Politics
JUST IN: AOC Forced To Pay Up After ‘Tax The Rich’ Investigation
A congressional watchdog has hit “Squad” Congresswoman Alexandria Ocasio Cortez with a hefty fine years after she left Met Gala viewers aghast by an ostentatious gown that called for levying new taxes on the wealthiest Americans.
For a time, the former Bronx bartender was the belle of the ball, sucking up attention from the left with headline-grabbing stunts like one performed at the 2021 Met Gala, an opportunity for the rich and famous to mingle amid artwork and ostensibly raise money for charity.
AOC walked away winning ensemble of the night, or at least garnering the most attention, for donning a white designer dress emblazoned with red scrawl reading “Tax the Rich.”
Now, an investigation by the U.S. House Ethics Committee has ordered the New York Democrat to pay $3,000 for breaching the House “Gift” rule by not paying full-market value for the dress and accepting a free ticket to the glitzy affair for her fiancé, Riley Roberts.
Tickets to the annual event run as much as $30,000, the AP has reported.

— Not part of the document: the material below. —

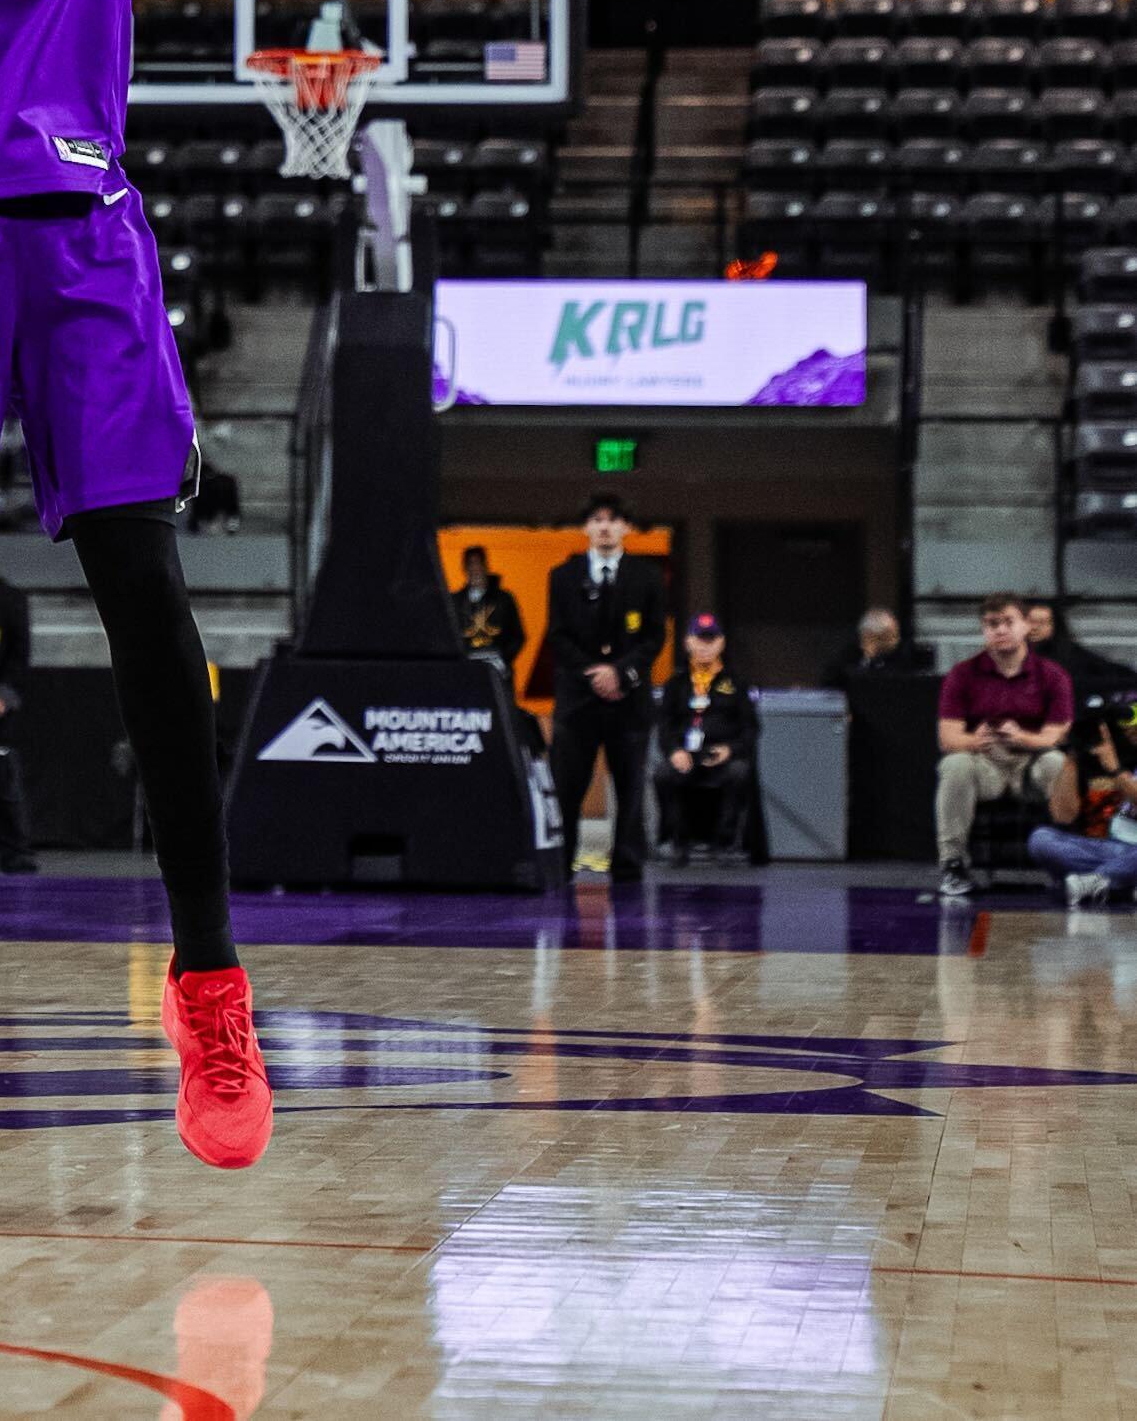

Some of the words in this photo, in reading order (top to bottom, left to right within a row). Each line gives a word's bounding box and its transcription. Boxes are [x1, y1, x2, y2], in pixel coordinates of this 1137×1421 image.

[548, 300, 706, 366] KRLG
[365, 709, 492, 732] MOUNTAIN
[373, 731, 484, 754] AMERICA

It’s unclear if AOC paid for her own ticket.
Although she “proactively took steps” to rectifying the financial misstep, AOC did not fully comply with making amends, the committee wrote in its report.

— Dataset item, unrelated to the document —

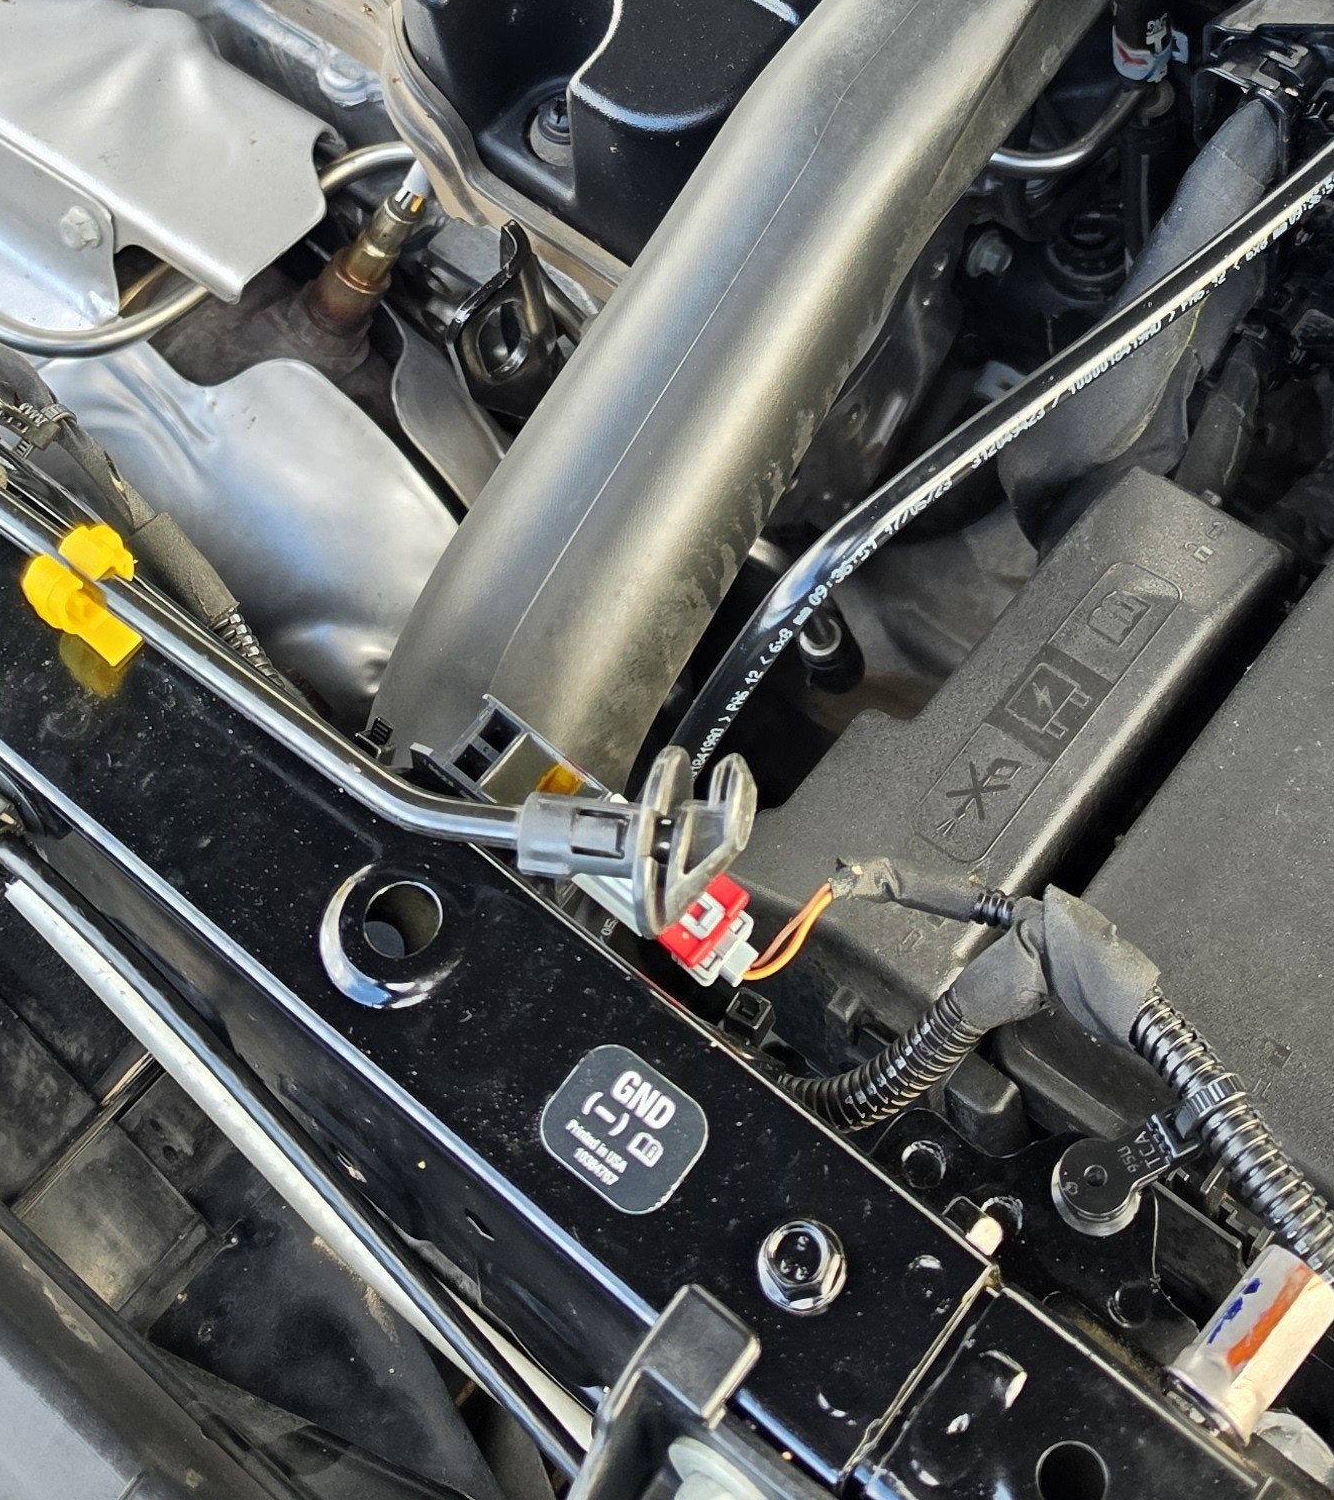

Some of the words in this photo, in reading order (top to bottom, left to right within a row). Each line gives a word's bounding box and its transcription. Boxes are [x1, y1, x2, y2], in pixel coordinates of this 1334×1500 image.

[612, 1070, 676, 1129] GND
[565, 1119, 601, 1150] Printed
[605, 1150, 628, 1174] USA

Furthermore, Brother Vellies, the black-owned business which designed the dress, may have unfairly lowered its cost estimate for the piece after it became aware that AOC planned to promote the brand with her appearance at the Met. Payments to the vendor were also significantly delayed, according to the report.
Some of those payments were not made until after the Ethics Committee opened its investigation, it found.

Investigators wrote that AOC staff members were “overly reliant” on Brother Vellies to help determine whether the dress would comply with lawmakers’ “gift” rule, pointing to a contradictory incentive for the designer to profit by helping the Democrat show off their work.
However, delays in paying Brother Vellies were not “intentional,” the report notes, placing blame on a campaign staffer who did not communicate about payments in a timely fashion.
“I just never, ever, ever would have allowed that to happen, knowing what I have learned,” Ocasio-Cortez said at the time, Fox News reported. “But I wasn’t privy to the invoices, wasn’t privy to the ones that had been sent.”
No further sanctions will be placed on AOC as long as she donates the $250 cost of her Met Gala meal to the Costume Institute and pays Brother Vellies an additional $2,733.28 for the full-market value of the dress and other accessories she received for her appearance.